TASK TO COMPLETE
Repeat the records below exactly.

DATA SHOWN
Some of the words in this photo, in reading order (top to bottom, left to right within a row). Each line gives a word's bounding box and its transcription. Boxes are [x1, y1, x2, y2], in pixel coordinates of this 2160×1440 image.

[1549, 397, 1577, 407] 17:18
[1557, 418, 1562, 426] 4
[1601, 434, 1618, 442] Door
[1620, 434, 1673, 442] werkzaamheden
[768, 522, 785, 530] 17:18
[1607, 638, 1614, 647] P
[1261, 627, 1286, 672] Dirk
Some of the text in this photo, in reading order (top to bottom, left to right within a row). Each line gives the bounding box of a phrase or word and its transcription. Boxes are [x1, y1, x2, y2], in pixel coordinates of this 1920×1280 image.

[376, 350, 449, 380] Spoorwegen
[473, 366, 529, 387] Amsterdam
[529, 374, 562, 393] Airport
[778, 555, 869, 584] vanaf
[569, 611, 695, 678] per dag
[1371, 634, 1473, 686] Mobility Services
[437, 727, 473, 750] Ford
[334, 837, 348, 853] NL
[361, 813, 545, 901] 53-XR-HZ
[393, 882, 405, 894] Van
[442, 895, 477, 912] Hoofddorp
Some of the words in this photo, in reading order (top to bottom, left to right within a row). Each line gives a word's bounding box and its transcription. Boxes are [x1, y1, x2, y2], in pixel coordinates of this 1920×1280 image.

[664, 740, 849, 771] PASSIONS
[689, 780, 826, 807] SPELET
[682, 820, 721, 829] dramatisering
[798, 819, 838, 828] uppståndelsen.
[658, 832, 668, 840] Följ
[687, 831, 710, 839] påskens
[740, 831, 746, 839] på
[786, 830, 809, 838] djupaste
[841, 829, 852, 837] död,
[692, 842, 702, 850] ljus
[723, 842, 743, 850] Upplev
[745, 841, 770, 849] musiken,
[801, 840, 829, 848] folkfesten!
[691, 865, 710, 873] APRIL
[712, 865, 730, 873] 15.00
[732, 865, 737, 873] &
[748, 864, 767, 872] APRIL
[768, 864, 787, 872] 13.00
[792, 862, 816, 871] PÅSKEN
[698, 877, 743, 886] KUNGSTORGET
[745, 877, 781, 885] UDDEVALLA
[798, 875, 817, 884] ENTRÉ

RESPONSE BELOW
Some of the words in this photo, in reading order (top to bottom, left to right within a row). Each line gives a word's bounding box and its transcription. Boxes are [x1, y1, x2, y2], in pixel coordinates of this 2160×1440 image.

[1549, 397, 1577, 407] 17:18
[1557, 418, 1562, 426] 4
[1601, 434, 1618, 442] Door
[1620, 434, 1673, 442] werkzaamheden
[768, 522, 785, 530] 17:18
[1607, 638, 1614, 647] P
[1261, 627, 1286, 672] Dirk
Some of the text in this photo, in reading order (top to bottom, left to right within a row). Each line gives the bounding box of a phrase or word and its transcription. Boxes are [x1, y1, x2, y2], in pixel coordinates of this 1920×1280 image.

[376, 350, 449, 380] Spoorwegen
[473, 366, 529, 387] Amsterdam
[529, 374, 562, 393] Airport
[778, 555, 869, 584] vanaf
[569, 611, 695, 678] per dag
[1371, 634, 1473, 686] Mobility Services
[437, 727, 473, 750] Ford
[334, 837, 348, 853] NL
[361, 813, 545, 901] 53-XR-HZ
[393, 882, 405, 894] Van
[442, 895, 477, 912] Hoofddorp
Some of the words in this photo, in reading order (top to bottom, left to right within a row). Each line gives a word's bounding box and its transcription. Boxes are [x1, y1, x2, y2], in pixel coordinates of this 1920×1280 image.

[664, 740, 849, 771] PASSIONS
[689, 780, 826, 807] SPELET
[682, 820, 721, 829] dramatisering
[798, 819, 838, 828] uppståndelsen.
[658, 832, 668, 840] Följ
[687, 831, 710, 839] påskens
[740, 831, 746, 839] på
[786, 830, 809, 838] djupaste
[841, 829, 852, 837] död,
[692, 842, 702, 850] ljus
[723, 842, 743, 850] Upplev
[745, 841, 770, 849] musiken,
[801, 840, 829, 848] folkfesten!
[691, 865, 710, 873] APRIL
[712, 865, 730, 873] 15.00
[732, 865, 737, 873] &
[748, 864, 767, 872] APRIL
[768, 864, 787, 872] 13.00
[792, 862, 816, 871] PÅSKEN
[698, 877, 743, 886] KUNGSTORGET
[745, 877, 781, 885] UDDEVALLA
[798, 875, 817, 884] ENTRÉ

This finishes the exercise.